Reproduce each line of the data exactly as it is.
== Segment start ==
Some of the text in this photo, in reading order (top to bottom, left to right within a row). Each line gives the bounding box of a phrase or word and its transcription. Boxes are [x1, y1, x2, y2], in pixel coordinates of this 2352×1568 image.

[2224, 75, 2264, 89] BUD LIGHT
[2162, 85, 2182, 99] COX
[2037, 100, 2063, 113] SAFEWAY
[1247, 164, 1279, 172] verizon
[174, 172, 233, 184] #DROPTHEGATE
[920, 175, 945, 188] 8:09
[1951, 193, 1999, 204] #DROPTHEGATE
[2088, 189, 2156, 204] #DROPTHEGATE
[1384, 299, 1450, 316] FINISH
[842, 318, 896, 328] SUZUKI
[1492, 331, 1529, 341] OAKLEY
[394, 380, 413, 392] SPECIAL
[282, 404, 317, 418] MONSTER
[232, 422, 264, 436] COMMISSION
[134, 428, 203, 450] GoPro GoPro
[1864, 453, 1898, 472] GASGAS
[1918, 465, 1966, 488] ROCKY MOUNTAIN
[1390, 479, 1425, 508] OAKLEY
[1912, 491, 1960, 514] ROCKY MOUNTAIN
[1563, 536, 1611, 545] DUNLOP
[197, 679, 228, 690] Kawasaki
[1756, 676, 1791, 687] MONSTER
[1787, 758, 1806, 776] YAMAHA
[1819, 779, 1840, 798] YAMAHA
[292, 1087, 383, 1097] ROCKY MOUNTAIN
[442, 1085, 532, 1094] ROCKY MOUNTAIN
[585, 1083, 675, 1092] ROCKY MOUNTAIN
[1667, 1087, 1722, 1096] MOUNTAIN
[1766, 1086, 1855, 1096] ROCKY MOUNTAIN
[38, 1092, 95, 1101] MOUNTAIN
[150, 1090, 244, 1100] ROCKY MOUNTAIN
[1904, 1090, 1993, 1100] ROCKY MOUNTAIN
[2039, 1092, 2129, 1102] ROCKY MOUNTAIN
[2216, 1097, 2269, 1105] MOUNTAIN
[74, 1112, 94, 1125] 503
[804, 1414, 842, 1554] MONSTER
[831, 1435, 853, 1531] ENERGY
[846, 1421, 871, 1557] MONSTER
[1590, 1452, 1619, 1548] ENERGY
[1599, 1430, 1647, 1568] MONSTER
== Segment end ==
▸ **SOLUTION TO THIS PROBLEM**:
Some of the text in this photo, in reading order (top to bottom, left to right within a row). Each line gives the bounding box of a phrase or word and its transcription. Boxes are [x1, y1, x2, y2], in pixel coordinates of this 2352×1568 image.

[2224, 75, 2264, 89] BUD LIGHT
[2162, 85, 2182, 99] COX
[2037, 100, 2063, 113] SAFEWAY
[1247, 164, 1279, 172] verizon
[174, 172, 233, 184] #DROPTHEGATE
[920, 175, 945, 188] 8:09
[1951, 193, 1999, 204] #DROPTHEGATE
[2088, 189, 2156, 204] #DROPTHEGATE
[1384, 299, 1450, 316] FINISH
[842, 318, 896, 328] SUZUKI
[1492, 331, 1529, 341] OAKLEY
[394, 380, 413, 392] SPECIAL
[282, 404, 317, 418] MONSTER
[232, 422, 264, 436] COMMISSION
[134, 428, 203, 450] GoPro GoPro
[1864, 453, 1898, 472] GASGAS
[1918, 465, 1966, 488] ROCKY MOUNTAIN
[1390, 479, 1425, 508] OAKLEY
[1912, 491, 1960, 514] ROCKY MOUNTAIN
[1563, 536, 1611, 545] DUNLOP
[197, 679, 228, 690] Kawasaki
[1756, 676, 1791, 687] MONSTER
[1787, 758, 1806, 776] YAMAHA
[1819, 779, 1840, 798] YAMAHA
[292, 1087, 383, 1097] ROCKY MOUNTAIN
[442, 1085, 532, 1094] ROCKY MOUNTAIN
[585, 1083, 675, 1092] ROCKY MOUNTAIN
[1667, 1087, 1722, 1096] MOUNTAIN
[1766, 1086, 1855, 1096] ROCKY MOUNTAIN
[38, 1092, 95, 1101] MOUNTAIN
[150, 1090, 244, 1100] ROCKY MOUNTAIN
[1904, 1090, 1993, 1100] ROCKY MOUNTAIN
[2039, 1092, 2129, 1102] ROCKY MOUNTAIN
[2216, 1097, 2269, 1105] MOUNTAIN
[74, 1112, 94, 1125] 503
[804, 1414, 842, 1554] MONSTER
[831, 1435, 853, 1531] ENERGY
[846, 1421, 871, 1557] MONSTER
[1590, 1452, 1619, 1548] ENERGY
[1599, 1430, 1647, 1568] MONSTER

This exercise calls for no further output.